Task to carry out
Leaving every image behind, reproduce the records word for word.

The input
=====

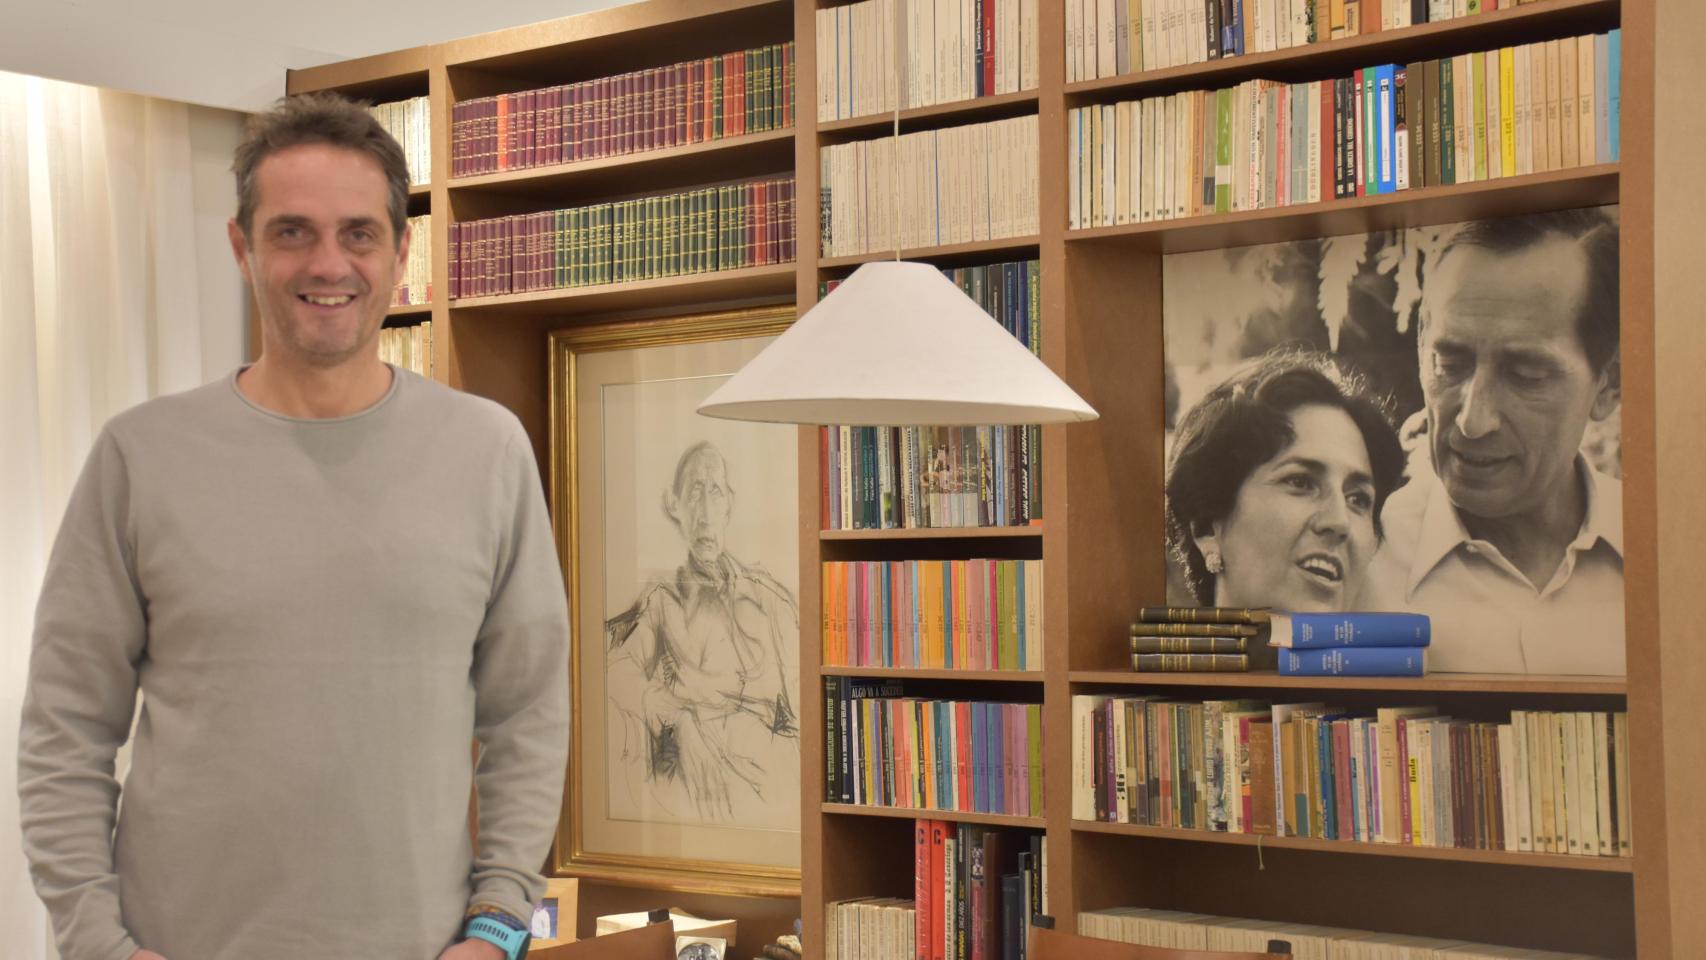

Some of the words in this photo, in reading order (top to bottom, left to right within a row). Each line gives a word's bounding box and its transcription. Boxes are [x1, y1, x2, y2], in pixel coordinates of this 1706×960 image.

[852, 688, 866, 698] ALGO
[867, 688, 874, 697] VA
[1408, 758, 1416, 783] Buda
[918, 828, 925, 844] C
[934, 829, 941, 845] C
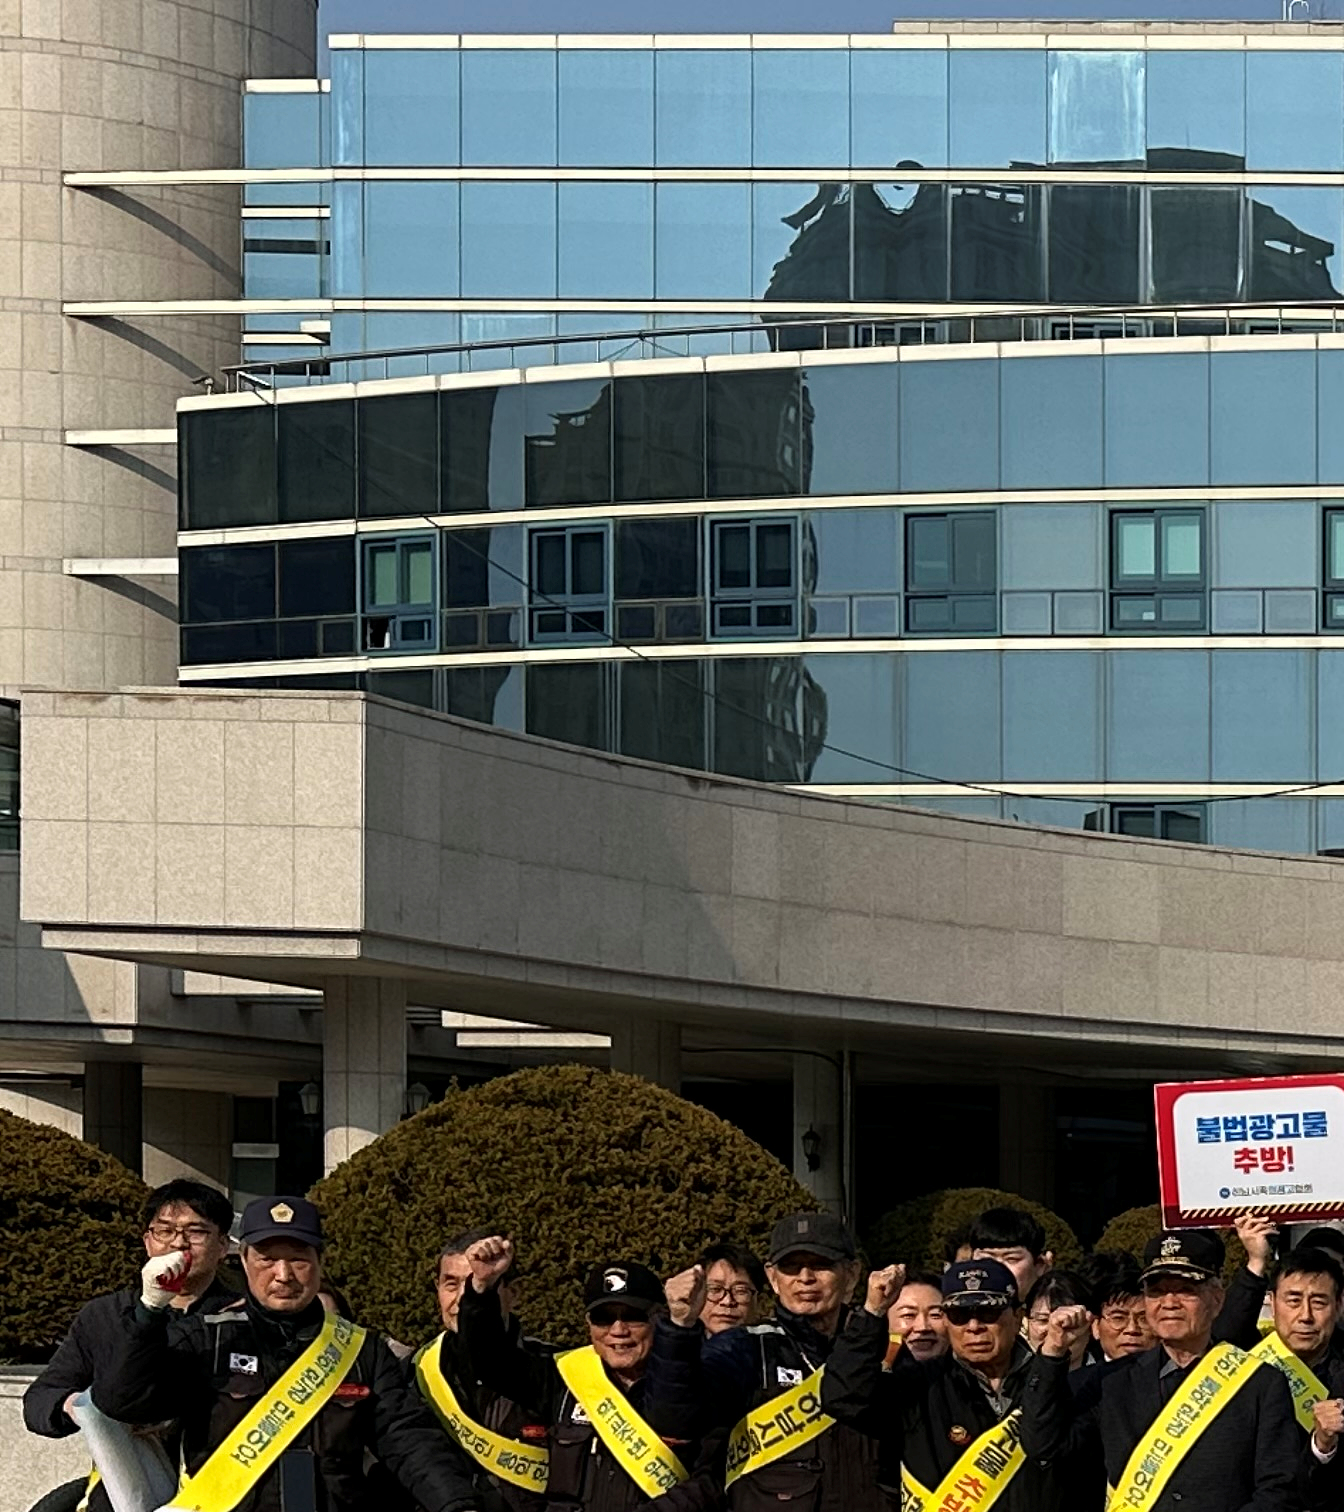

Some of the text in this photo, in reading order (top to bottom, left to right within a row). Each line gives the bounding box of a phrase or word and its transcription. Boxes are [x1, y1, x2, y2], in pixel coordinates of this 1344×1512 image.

=====

The completed task
Some of the words in this photo, in reading order (top to bottom, left to right within a row). Each line gives a word's bounding box and its transcription. Boxes are [x1, y1, x2, y2], in pixel coordinates of this 1706×960 image.

[852, 688, 866, 698] ALGO
[867, 688, 874, 697] VA
[1408, 758, 1416, 783] Buda
[918, 828, 925, 844] C
[934, 829, 941, 845] C

Some of the text in this photo, in reading order (top to bottom, left to right within a row). Each line gives the bounding box of a phrase or word and its transcription. Boxes are [x1, y1, x2, y2], in pixel coordinates of this 1344×1512 image.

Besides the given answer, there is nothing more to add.